Can you transcribe the data exactly? Leave the pictures out.

BEGIN

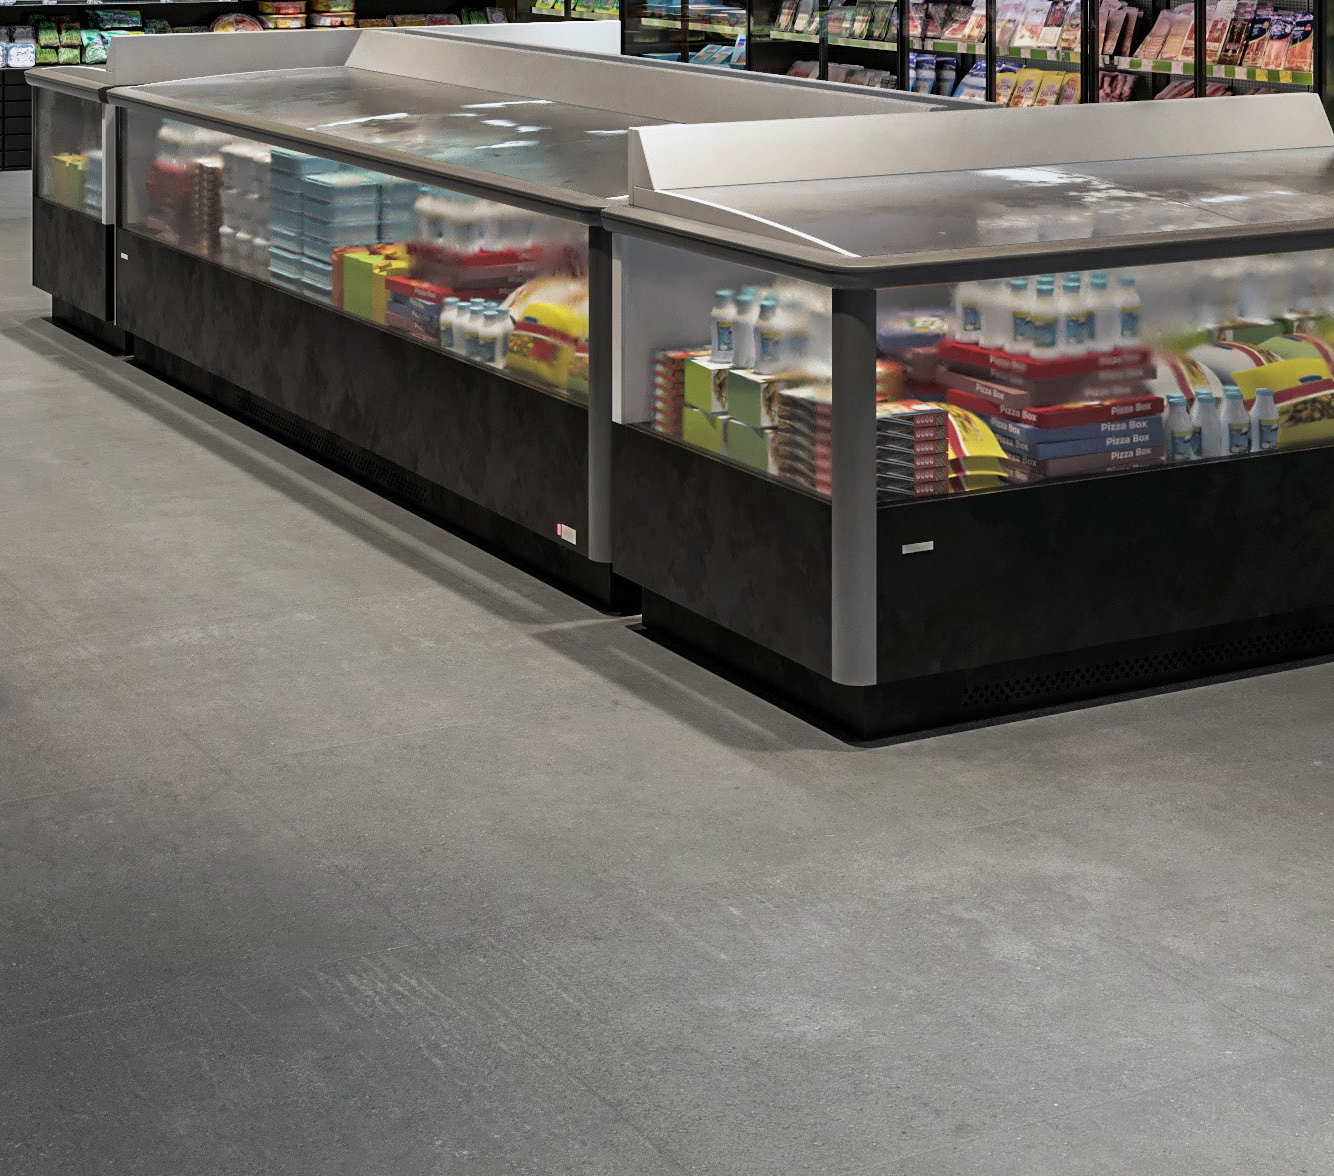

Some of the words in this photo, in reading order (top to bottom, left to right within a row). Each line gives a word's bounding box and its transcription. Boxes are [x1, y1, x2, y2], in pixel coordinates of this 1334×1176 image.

[993, 390, 1004, 401] Box
[1000, 405, 1020, 418] Pizza
[1022, 410, 1037, 421] Box
[1135, 402, 1152, 412] Box
[1008, 424, 1020, 435] Box
[1101, 422, 1127, 431] Pizza
[1129, 419, 1148, 429] Box
[1106, 436, 1131, 446] Pizza
[1133, 434, 1150, 443] Box
[1111, 450, 1134, 460] Pizza
[1136, 447, 1152, 457] Box

END

Output of the exercise
Some of the words in this photo, in reading order (top to bottom, left to right within a row). Each line gives a word's bounding box and its transcription. Boxes are [x1, y1, x2, y2], in pixel coordinates of this 1334×1176 image.

[993, 390, 1004, 401] Box
[1000, 405, 1020, 418] Pizza
[1022, 410, 1037, 421] Box
[1135, 402, 1152, 412] Box
[1008, 424, 1020, 435] Box
[1101, 422, 1127, 431] Pizza
[1129, 419, 1148, 429] Box
[1106, 436, 1131, 446] Pizza
[1133, 434, 1150, 443] Box
[1111, 450, 1134, 460] Pizza
[1136, 447, 1152, 457] Box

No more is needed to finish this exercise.